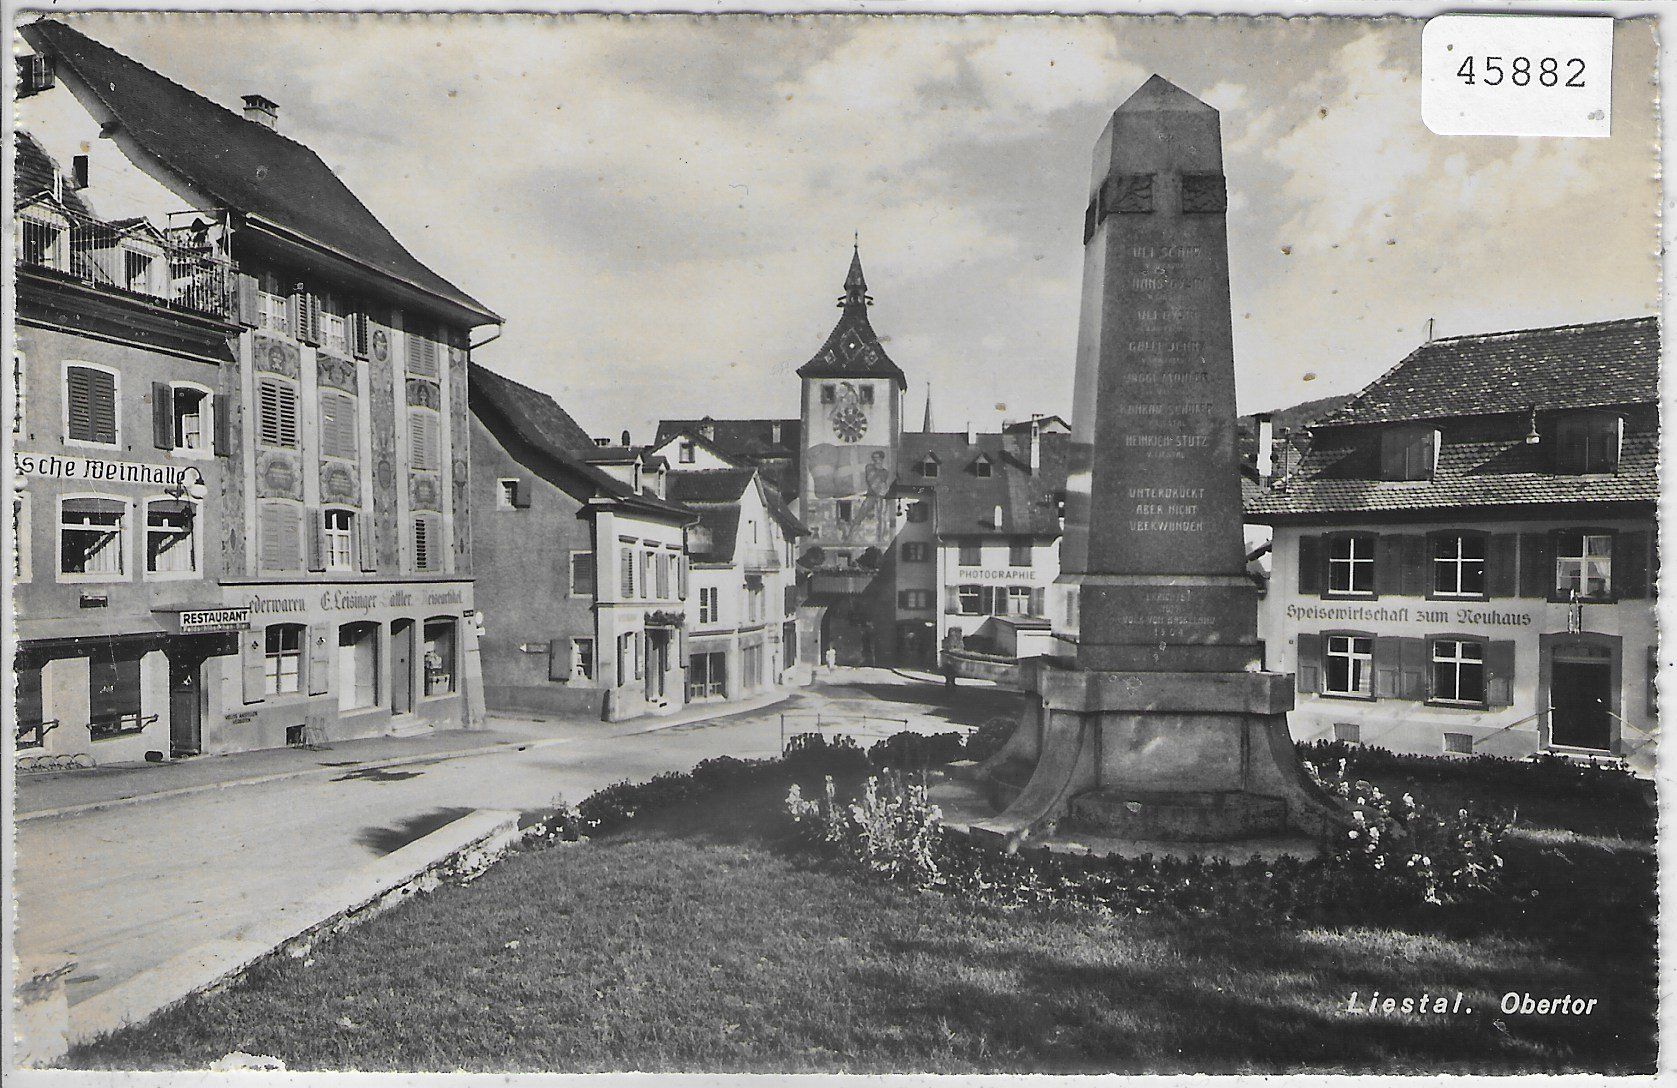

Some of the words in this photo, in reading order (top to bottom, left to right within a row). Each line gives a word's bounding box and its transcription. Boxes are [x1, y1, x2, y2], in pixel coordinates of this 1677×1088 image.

[83, 459, 185, 485] Weinhalle
[1136, 504, 1163, 515] ABER
[1168, 505, 1197, 515] NICHT
[959, 570, 1036, 580] PHOTOGRAPHIE
[183, 610, 248, 624] RESTAURANT
[1286, 604, 1409, 623] Speisewirtschaft
[1416, 608, 1449, 624] zum
[1457, 608, 1532, 626] Neuhaus
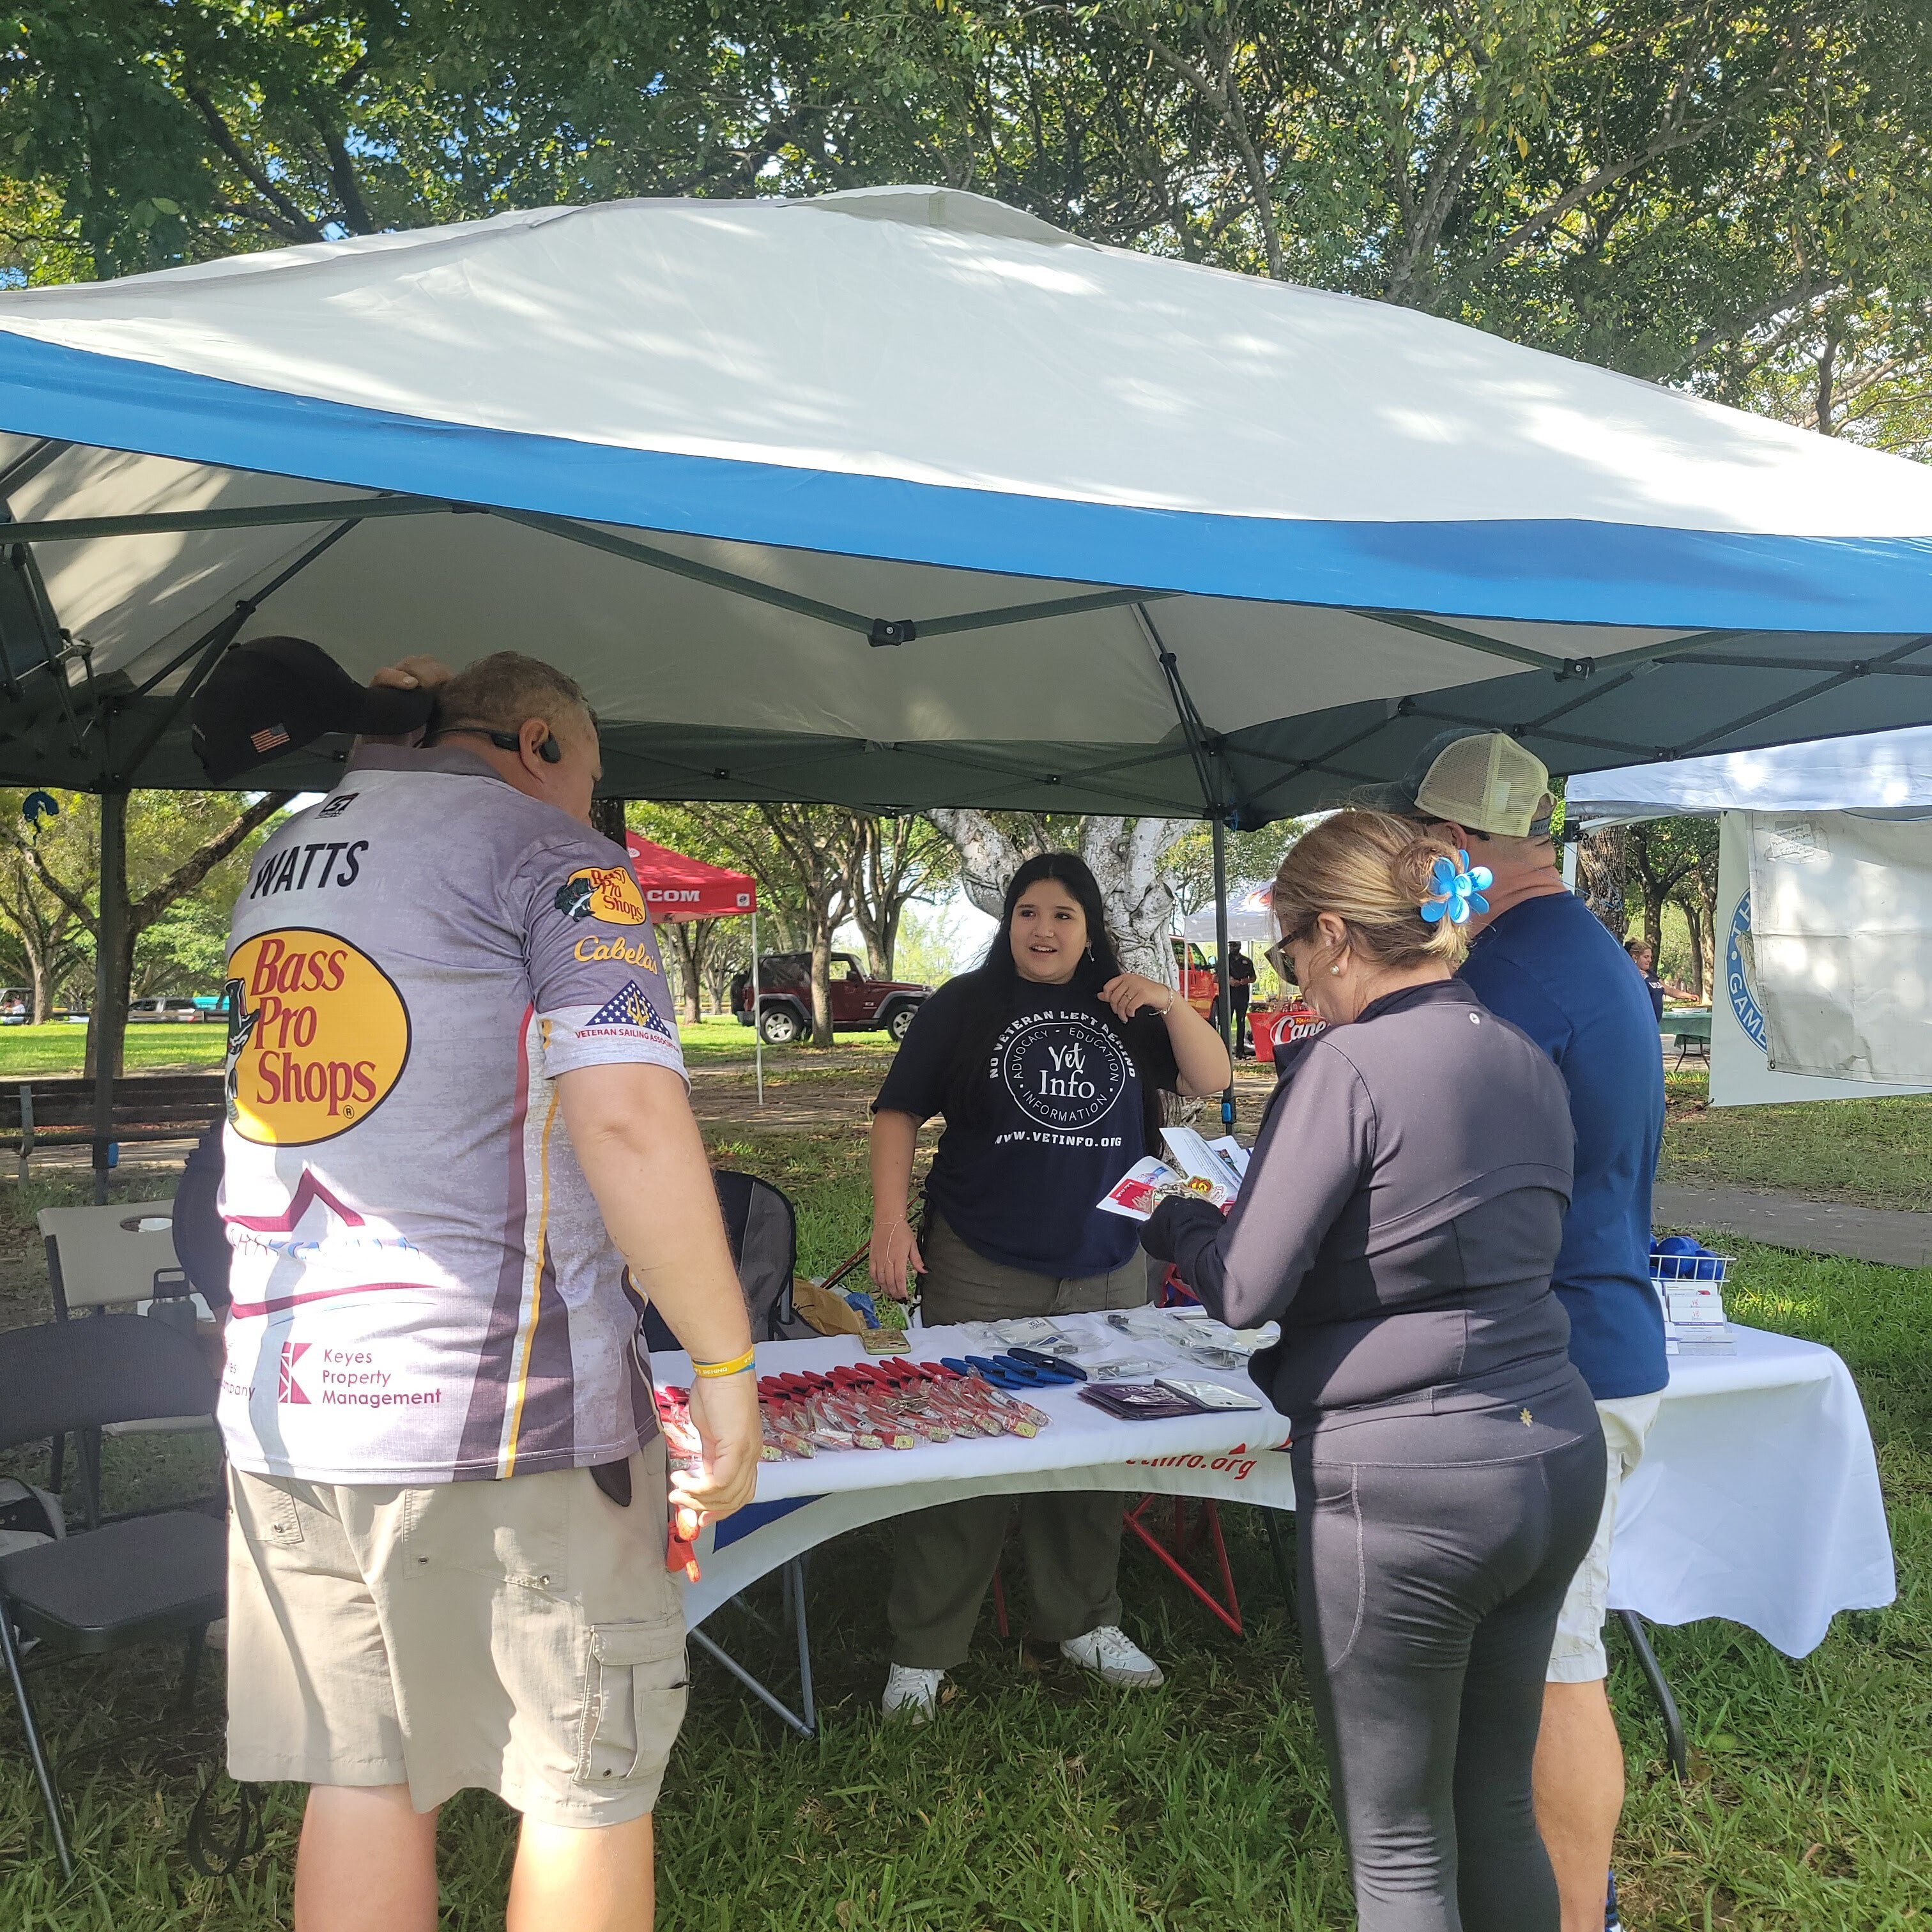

§ What the exercise asks:
Without any pictures, print the whole listing again exactly as it stands.

§ Response:
Some of the words in this photo, in reading order (top to bottom, left to right within a row). Each line gives a word's bounding box and its transcription. Boxes are [x1, y1, x2, y2], in pixel coordinates of this 1677×1088 image.

[83, 459, 185, 485] Weinhalle
[1136, 504, 1163, 515] ABER
[1168, 505, 1197, 515] NICHT
[959, 570, 1036, 580] PHOTOGRAPHIE
[183, 610, 248, 624] RESTAURANT
[1286, 604, 1409, 623] Speisewirtschaft
[1416, 608, 1449, 624] zum
[1457, 608, 1532, 626] Neuhaus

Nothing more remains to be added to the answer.